MATERIAL PROVIDED:
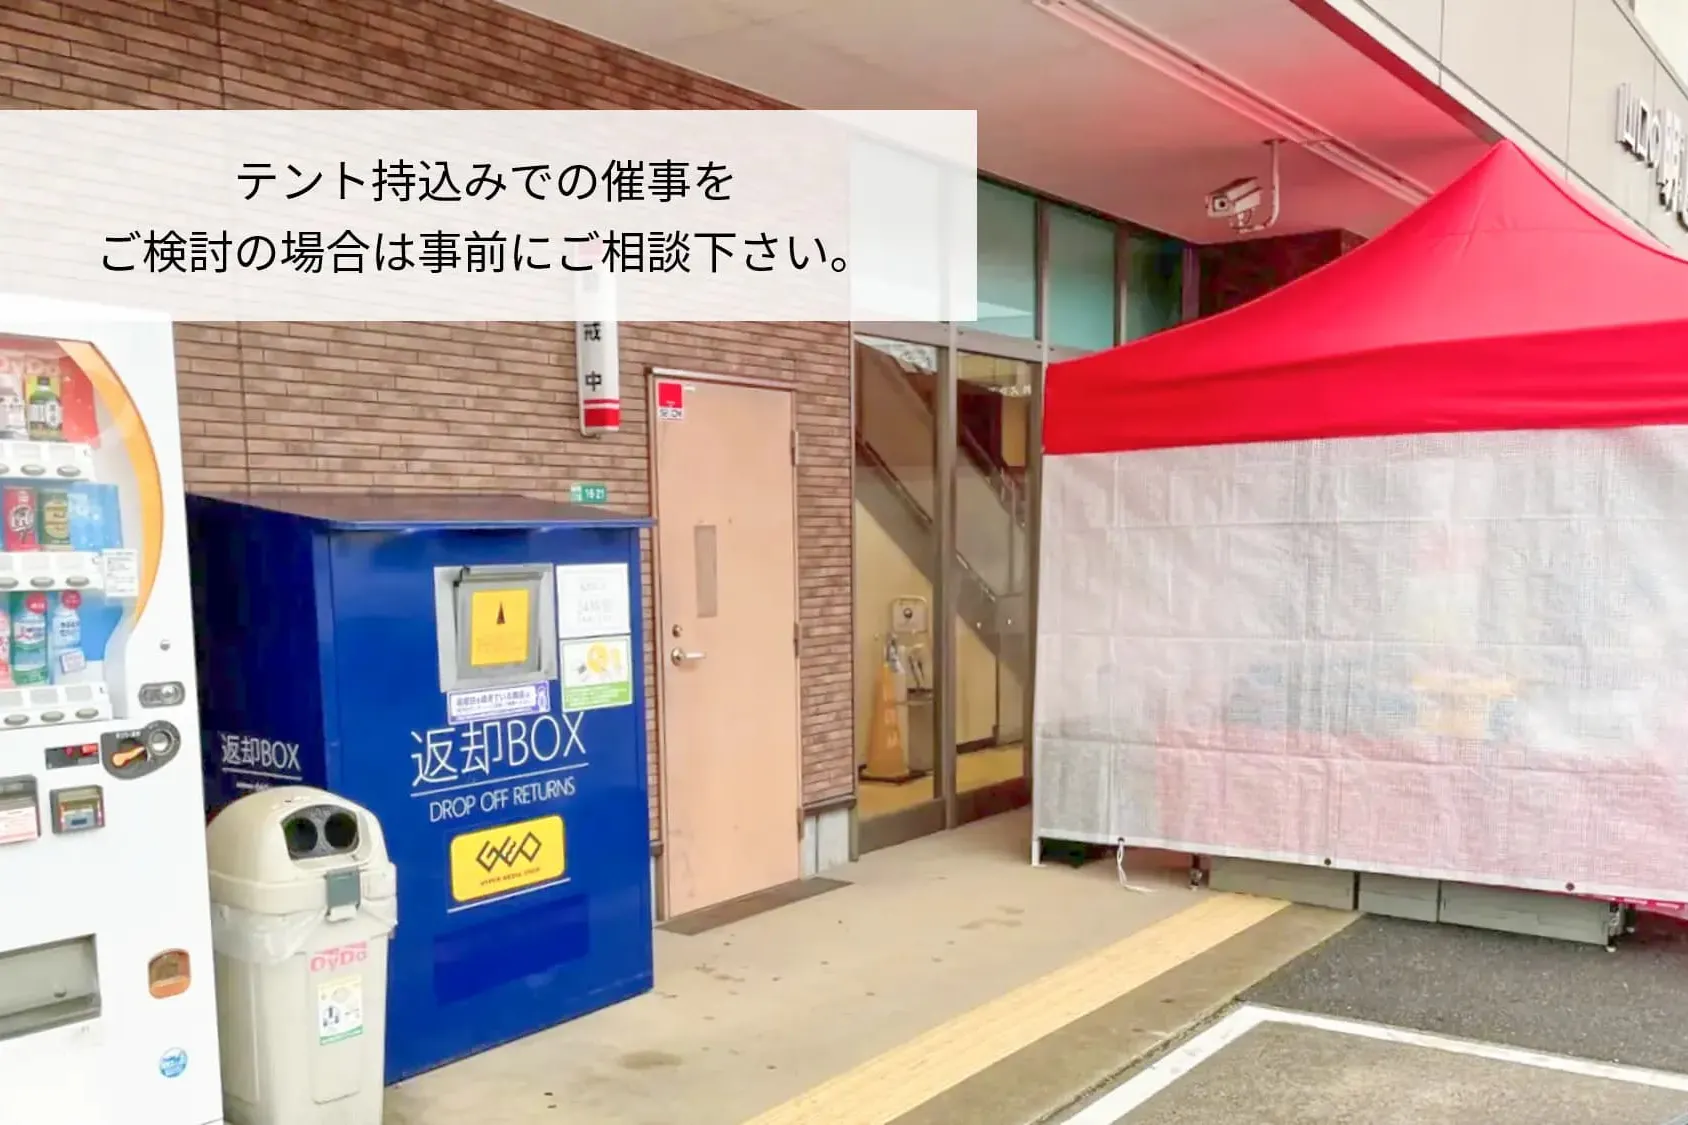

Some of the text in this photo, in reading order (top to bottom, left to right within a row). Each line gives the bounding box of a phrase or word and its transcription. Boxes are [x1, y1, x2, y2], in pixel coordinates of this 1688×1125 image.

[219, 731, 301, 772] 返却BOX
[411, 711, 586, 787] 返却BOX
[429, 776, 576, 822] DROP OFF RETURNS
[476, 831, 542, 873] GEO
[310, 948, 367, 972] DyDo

REQUIRED ACTION: Return each line from the material above exactly, but not the pictures.

COMPLETED TASK:
Some of the text in this photo, in reading order (top to bottom, left to right within a row). Each line gives the bounding box of a phrase or word and its transcription. Boxes are [x1, y1, x2, y2], in pixel coordinates of this 1688×1125 image.

[219, 731, 301, 772] 返却BOX
[411, 711, 586, 787] 返却BOX
[429, 776, 576, 822] DROP OFF RETURNS
[476, 831, 542, 873] GEO
[310, 948, 367, 972] DyDo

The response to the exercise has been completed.